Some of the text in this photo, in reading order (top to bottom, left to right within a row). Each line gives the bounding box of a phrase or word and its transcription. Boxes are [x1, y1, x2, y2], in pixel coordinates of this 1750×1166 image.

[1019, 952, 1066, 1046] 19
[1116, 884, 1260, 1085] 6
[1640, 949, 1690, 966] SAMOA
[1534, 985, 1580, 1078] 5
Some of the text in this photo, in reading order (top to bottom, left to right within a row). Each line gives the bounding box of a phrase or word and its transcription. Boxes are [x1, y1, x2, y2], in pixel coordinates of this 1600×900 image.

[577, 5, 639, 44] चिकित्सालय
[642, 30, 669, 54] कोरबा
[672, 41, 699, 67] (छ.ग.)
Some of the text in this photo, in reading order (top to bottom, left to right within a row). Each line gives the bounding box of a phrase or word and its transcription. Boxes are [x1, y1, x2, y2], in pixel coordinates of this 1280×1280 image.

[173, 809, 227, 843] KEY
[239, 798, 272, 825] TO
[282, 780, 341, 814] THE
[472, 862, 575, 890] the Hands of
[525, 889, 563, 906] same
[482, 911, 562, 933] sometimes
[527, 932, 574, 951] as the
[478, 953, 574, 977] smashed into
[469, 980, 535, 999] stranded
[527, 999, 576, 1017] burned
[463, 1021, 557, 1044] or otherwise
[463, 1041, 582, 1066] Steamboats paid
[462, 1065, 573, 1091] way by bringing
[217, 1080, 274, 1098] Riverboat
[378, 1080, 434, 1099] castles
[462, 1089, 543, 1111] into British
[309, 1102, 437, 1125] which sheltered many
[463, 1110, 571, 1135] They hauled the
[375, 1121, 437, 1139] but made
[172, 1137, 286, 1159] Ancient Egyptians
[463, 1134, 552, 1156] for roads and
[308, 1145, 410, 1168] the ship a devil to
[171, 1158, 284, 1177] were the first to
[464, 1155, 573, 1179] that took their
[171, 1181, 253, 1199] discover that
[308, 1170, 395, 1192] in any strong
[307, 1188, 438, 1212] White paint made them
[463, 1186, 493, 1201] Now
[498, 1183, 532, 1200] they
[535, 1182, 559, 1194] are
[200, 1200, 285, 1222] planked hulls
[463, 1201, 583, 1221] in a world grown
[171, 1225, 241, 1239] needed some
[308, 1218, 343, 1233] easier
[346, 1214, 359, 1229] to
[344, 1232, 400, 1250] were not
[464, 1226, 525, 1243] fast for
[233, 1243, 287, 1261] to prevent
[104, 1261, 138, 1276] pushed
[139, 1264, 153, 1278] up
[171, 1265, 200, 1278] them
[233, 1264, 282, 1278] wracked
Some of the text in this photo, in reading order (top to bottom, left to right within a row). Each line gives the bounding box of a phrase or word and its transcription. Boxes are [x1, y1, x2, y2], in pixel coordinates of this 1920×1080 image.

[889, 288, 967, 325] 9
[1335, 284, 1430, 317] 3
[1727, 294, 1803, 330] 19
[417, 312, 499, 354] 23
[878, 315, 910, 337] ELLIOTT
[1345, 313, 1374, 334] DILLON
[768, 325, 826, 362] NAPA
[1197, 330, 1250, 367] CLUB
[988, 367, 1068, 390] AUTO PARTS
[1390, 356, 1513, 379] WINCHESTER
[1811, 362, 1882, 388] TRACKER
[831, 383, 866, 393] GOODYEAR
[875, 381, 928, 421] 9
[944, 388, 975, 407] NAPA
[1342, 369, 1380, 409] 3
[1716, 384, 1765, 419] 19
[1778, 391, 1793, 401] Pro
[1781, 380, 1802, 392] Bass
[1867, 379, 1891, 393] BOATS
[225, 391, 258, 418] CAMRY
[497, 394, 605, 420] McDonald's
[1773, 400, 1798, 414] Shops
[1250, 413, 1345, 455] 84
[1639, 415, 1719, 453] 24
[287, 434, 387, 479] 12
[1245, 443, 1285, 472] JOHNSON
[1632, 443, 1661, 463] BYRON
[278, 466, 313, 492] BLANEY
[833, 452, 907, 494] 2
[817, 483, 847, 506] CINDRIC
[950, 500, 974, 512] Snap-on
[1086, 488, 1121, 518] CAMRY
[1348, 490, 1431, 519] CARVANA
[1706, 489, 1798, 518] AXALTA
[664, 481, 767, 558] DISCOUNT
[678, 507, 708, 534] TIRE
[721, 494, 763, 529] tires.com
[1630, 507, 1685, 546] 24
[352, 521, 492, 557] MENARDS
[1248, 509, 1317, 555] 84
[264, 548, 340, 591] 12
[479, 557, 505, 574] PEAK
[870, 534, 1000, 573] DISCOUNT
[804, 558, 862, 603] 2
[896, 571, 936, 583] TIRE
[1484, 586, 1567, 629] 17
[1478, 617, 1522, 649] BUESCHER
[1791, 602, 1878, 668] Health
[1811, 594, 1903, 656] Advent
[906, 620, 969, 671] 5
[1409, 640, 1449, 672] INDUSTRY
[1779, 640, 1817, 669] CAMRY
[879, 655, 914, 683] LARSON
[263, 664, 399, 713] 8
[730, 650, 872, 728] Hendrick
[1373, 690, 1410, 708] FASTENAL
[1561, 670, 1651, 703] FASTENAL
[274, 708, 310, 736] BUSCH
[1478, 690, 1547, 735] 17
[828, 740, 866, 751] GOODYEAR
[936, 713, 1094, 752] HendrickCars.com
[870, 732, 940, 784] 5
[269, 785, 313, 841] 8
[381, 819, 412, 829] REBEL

> [TASK PROMPT] Quote all the records. Keep every word exact.

> [TASK RESPONSE]
Some of the text in this photo, in reading order (top to bottom, left to right within a row). Each line gives the bounding box of a phrase or word and its transcription. Boxes are [x1, y1, x2, y2], in pixel coordinates of this 1750×1166 image.

[1019, 952, 1066, 1046] 19
[1116, 884, 1260, 1085] 6
[1640, 949, 1690, 966] SAMOA
[1534, 985, 1580, 1078] 5
Some of the text in this photo, in reading order (top to bottom, left to right within a row). Each line gives the bounding box of a phrase or word and its transcription. Boxes are [x1, y1, x2, y2], in pixel coordinates of this 1600×900 image.

[577, 5, 639, 44] चिकित्सालय
[642, 30, 669, 54] कोरबा
[672, 41, 699, 67] (छ.ग.)
Some of the text in this photo, in reading order (top to bottom, left to right within a row). Each line gives the bounding box of a phrase or word and its transcription. Boxes are [x1, y1, x2, y2], in pixel coordinates of this 1280×1280 image.

[173, 809, 227, 843] KEY
[239, 798, 272, 825] TO
[282, 780, 341, 814] THE
[472, 862, 575, 890] the Hands of
[525, 889, 563, 906] same
[482, 911, 562, 933] sometimes
[527, 932, 574, 951] as the
[478, 953, 574, 977] smashed into
[469, 980, 535, 999] stranded
[527, 999, 576, 1017] burned
[463, 1021, 557, 1044] or otherwise
[463, 1041, 582, 1066] Steamboats paid
[462, 1065, 573, 1091] way by bringing
[217, 1080, 274, 1098] Riverboat
[378, 1080, 434, 1099] castles
[462, 1089, 543, 1111] into British
[309, 1102, 437, 1125] which sheltered many
[463, 1110, 571, 1135] They hauled the
[375, 1121, 437, 1139] but made
[172, 1137, 286, 1159] Ancient Egyptians
[463, 1134, 552, 1156] for roads and
[308, 1145, 410, 1168] the ship a devil to
[171, 1158, 284, 1177] were the first to
[464, 1155, 573, 1179] that took their
[171, 1181, 253, 1199] discover that
[308, 1170, 395, 1192] in any strong
[307, 1188, 438, 1212] White paint made them
[463, 1186, 493, 1201] Now
[498, 1183, 532, 1200] they
[535, 1182, 559, 1194] are
[200, 1200, 285, 1222] planked hulls
[463, 1201, 583, 1221] in a world grown
[171, 1225, 241, 1239] needed some
[308, 1218, 343, 1233] easier
[346, 1214, 359, 1229] to
[344, 1232, 400, 1250] were not
[464, 1226, 525, 1243] fast for
[233, 1243, 287, 1261] to prevent
[104, 1261, 138, 1276] pushed
[139, 1264, 153, 1278] up
[171, 1265, 200, 1278] them
[233, 1264, 282, 1278] wracked
Some of the text in this photo, in reading order (top to bottom, left to right within a row). Each line gives the bounding box of a phrase or word and its transcription. Boxes are [x1, y1, x2, y2], in pixel coordinates of this 1920×1080 image.

[889, 288, 967, 325] 9
[1335, 284, 1430, 317] 3
[1727, 294, 1803, 330] 19
[417, 312, 499, 354] 23
[878, 315, 910, 337] ELLIOTT
[1345, 313, 1374, 334] DILLON
[768, 325, 826, 362] NAPA
[1197, 330, 1250, 367] CLUB
[988, 367, 1068, 390] AUTO PARTS
[1390, 356, 1513, 379] WINCHESTER
[1811, 362, 1882, 388] TRACKER
[831, 383, 866, 393] GOODYEAR
[875, 381, 928, 421] 9
[944, 388, 975, 407] NAPA
[1342, 369, 1380, 409] 3
[1716, 384, 1765, 419] 19
[1778, 391, 1793, 401] Pro
[1781, 380, 1802, 392] Bass
[1867, 379, 1891, 393] BOATS
[225, 391, 258, 418] CAMRY
[497, 394, 605, 420] McDonald's
[1773, 400, 1798, 414] Shops
[1250, 413, 1345, 455] 84
[1639, 415, 1719, 453] 24
[287, 434, 387, 479] 12
[1245, 443, 1285, 472] JOHNSON
[1632, 443, 1661, 463] BYRON
[278, 466, 313, 492] BLANEY
[833, 452, 907, 494] 2
[817, 483, 847, 506] CINDRIC
[950, 500, 974, 512] Snap-on
[1086, 488, 1121, 518] CAMRY
[1348, 490, 1431, 519] CARVANA
[1706, 489, 1798, 518] AXALTA
[664, 481, 767, 558] DISCOUNT
[678, 507, 708, 534] TIRE
[721, 494, 763, 529] tires.com
[1630, 507, 1685, 546] 24
[352, 521, 492, 557] MENARDS
[1248, 509, 1317, 555] 84
[264, 548, 340, 591] 12
[479, 557, 505, 574] PEAK
[870, 534, 1000, 573] DISCOUNT
[804, 558, 862, 603] 2
[896, 571, 936, 583] TIRE
[1484, 586, 1567, 629] 17
[1478, 617, 1522, 649] BUESCHER
[1791, 602, 1878, 668] Health
[1811, 594, 1903, 656] Advent
[906, 620, 969, 671] 5
[1409, 640, 1449, 672] INDUSTRY
[1779, 640, 1817, 669] CAMRY
[879, 655, 914, 683] LARSON
[263, 664, 399, 713] 8
[730, 650, 872, 728] Hendrick
[1373, 690, 1410, 708] FASTENAL
[1561, 670, 1651, 703] FASTENAL
[274, 708, 310, 736] BUSCH
[1478, 690, 1547, 735] 17
[828, 740, 866, 751] GOODYEAR
[936, 713, 1094, 752] HendrickCars.com
[870, 732, 940, 784] 5
[269, 785, 313, 841] 8
[381, 819, 412, 829] REBEL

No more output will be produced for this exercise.